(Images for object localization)
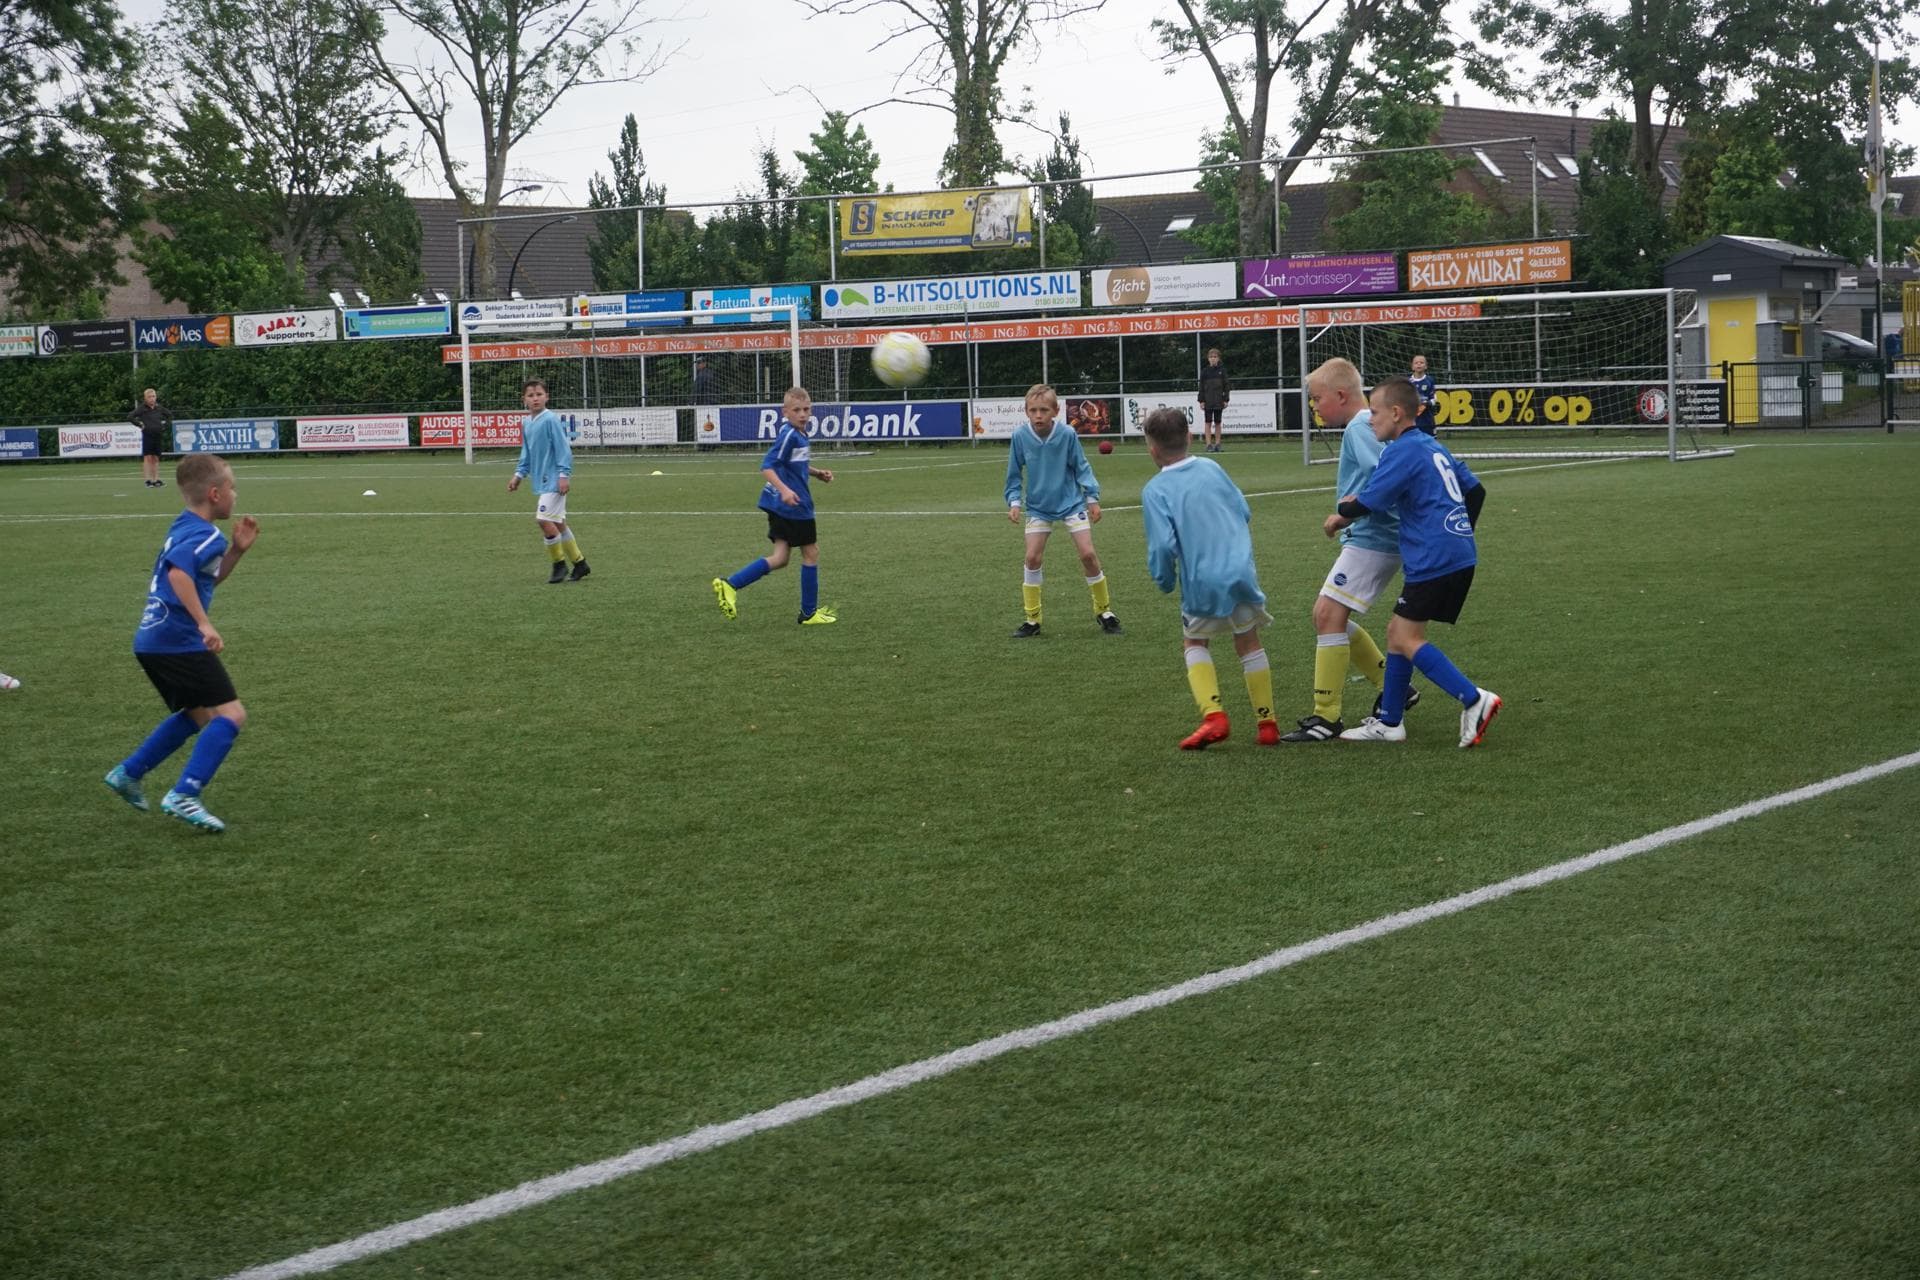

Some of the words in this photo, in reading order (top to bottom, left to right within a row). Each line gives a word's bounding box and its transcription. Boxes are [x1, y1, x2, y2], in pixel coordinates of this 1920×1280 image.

[881, 208, 955, 222] SCHERP
[881, 222, 891, 230] IN
[1505, 247, 1524, 256] 2074
[1528, 246, 1560, 256] PIZZERIA
[1288, 255, 1395, 269] WWW.LINTNOTARISSEN.NL
[1411, 261, 1462, 289] BELLO
[1466, 256, 1524, 285] MURAT
[1528, 269, 1558, 281] SNACKS
[874, 275, 1077, 304] B-KITSOLUTIONS.NL
[1112, 279, 1146, 302] Zicht
[504, 303, 529, 311] Transport
[1431, 306, 1457, 318] ING
[1277, 313, 1300, 325] ING
[1379, 309, 1404, 320] ING
[257, 315, 297, 337] AJAX
[1129, 320, 1152, 331] ING
[1179, 318, 1202, 329] ING
[1227, 316, 1251, 327] ING
[993, 327, 1014, 338] ING
[1038, 325, 1060, 336] ING
[1083, 323, 1105, 334] ING
[265, 330, 315, 341] supporters
[824, 335, 843, 345] ING
[627, 342, 646, 352] ING
[665, 340, 684, 351] ING
[742, 337, 762, 347] ING
[481, 349, 499, 358] ING
[516, 347, 534, 357] ING
[1686, 388, 1720, 396] Feyenoord
[1489, 389, 1535, 424] 0%
[1543, 395, 1593, 425] op
[422, 415, 494, 428] AUTOBERIJF
[583, 418, 594, 427] De
[302, 423, 355, 435] REVER
[486, 429, 497, 438] 68
[499, 428, 521, 437] 1350
[61, 430, 113, 445] RODENBURG
[198, 428, 253, 445] XANTHI
[1432, 452, 1464, 503] 6
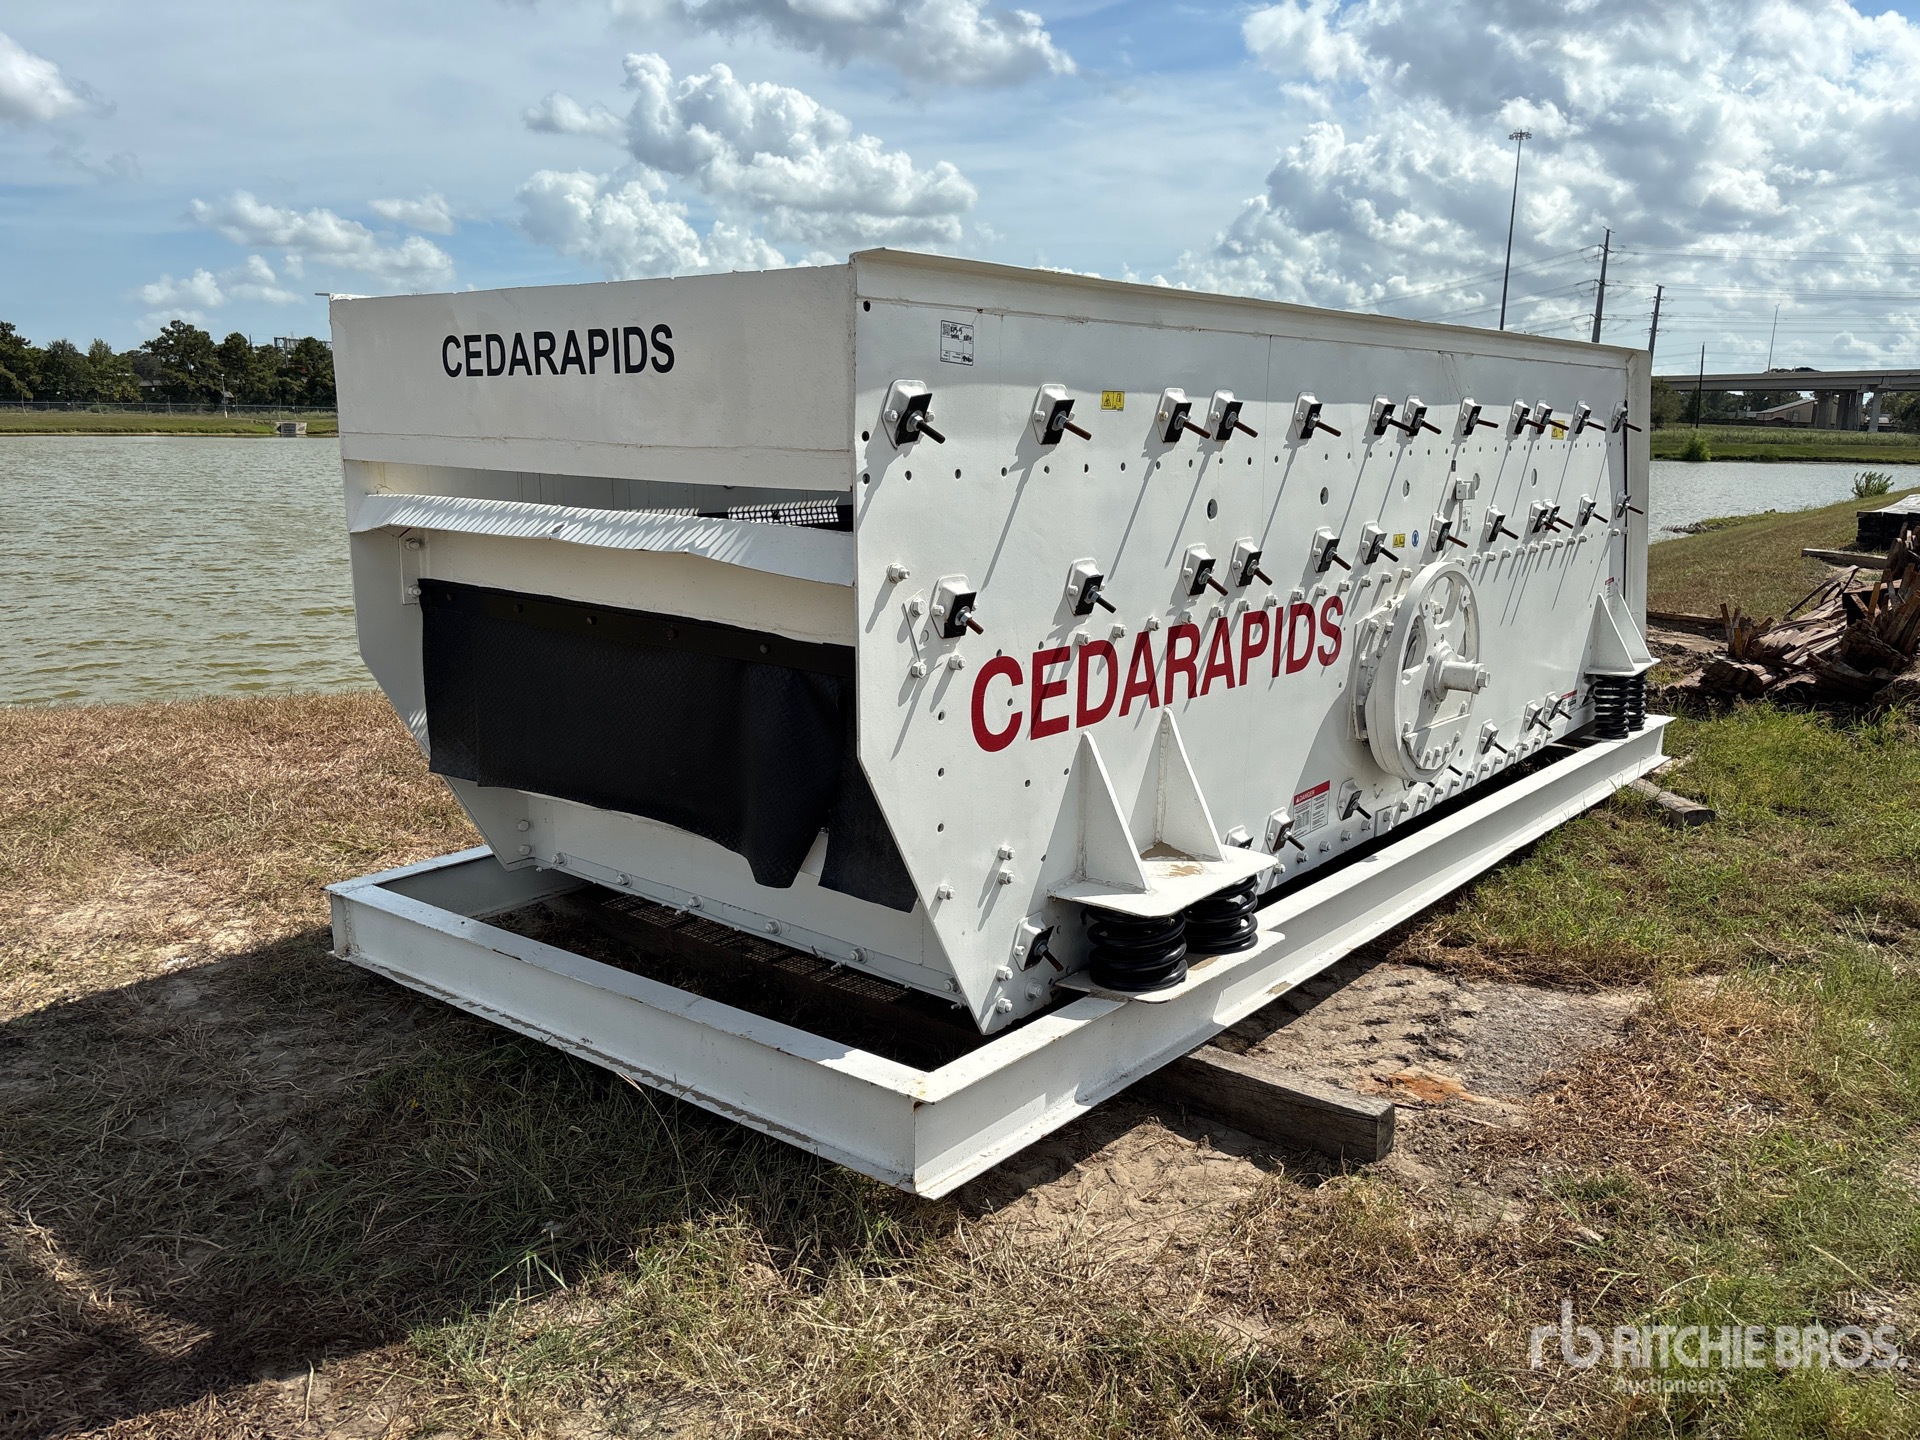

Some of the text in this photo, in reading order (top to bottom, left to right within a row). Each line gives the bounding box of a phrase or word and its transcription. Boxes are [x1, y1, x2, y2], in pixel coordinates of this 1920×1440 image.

HOW TO COMPLETE THIS TASK: All of the records need to be reproduced exactly, with each picture omitted.

TASK RESPONSE:
Some of the words in this photo, in reading order (top to bottom, left to right within a row). Each line gives a word's bounding box and its transcription. Boxes are [x1, y1, x2, y2], in pixel coordinates of this 1920×1280 image.

[881, 208, 955, 222] SCHERP
[881, 222, 891, 230] IN
[1505, 247, 1524, 256] 2074
[1528, 246, 1560, 256] PIZZERIA
[1288, 255, 1395, 269] WWW.LINTNOTARISSEN.NL
[1411, 261, 1462, 289] BELLO
[1466, 256, 1524, 285] MURAT
[1528, 269, 1558, 281] SNACKS
[874, 275, 1077, 304] B-KITSOLUTIONS.NL
[1112, 279, 1146, 302] Zicht
[504, 303, 529, 311] Transport
[1431, 306, 1457, 318] ING
[1277, 313, 1300, 325] ING
[1379, 309, 1404, 320] ING
[257, 315, 297, 337] AJAX
[1129, 320, 1152, 331] ING
[1179, 318, 1202, 329] ING
[1227, 316, 1251, 327] ING
[993, 327, 1014, 338] ING
[1038, 325, 1060, 336] ING
[1083, 323, 1105, 334] ING
[265, 330, 315, 341] supporters
[824, 335, 843, 345] ING
[627, 342, 646, 352] ING
[665, 340, 684, 351] ING
[742, 337, 762, 347] ING
[481, 349, 499, 358] ING
[516, 347, 534, 357] ING
[1686, 388, 1720, 396] Feyenoord
[1489, 389, 1535, 424] 0%
[1543, 395, 1593, 425] op
[422, 415, 494, 428] AUTOBERIJF
[583, 418, 594, 427] De
[302, 423, 355, 435] REVER
[486, 429, 497, 438] 68
[499, 428, 521, 437] 1350
[61, 430, 113, 445] RODENBURG
[198, 428, 253, 445] XANTHI
[1432, 452, 1464, 503] 6

Some of the text in this photo, in reading order (top to bottom, left to right within a row). Each line gives the bounding box of a phrase or word and its transcription. Boxes are [x1, y1, x2, y2], in pixel coordinates of this 1920×1440 image.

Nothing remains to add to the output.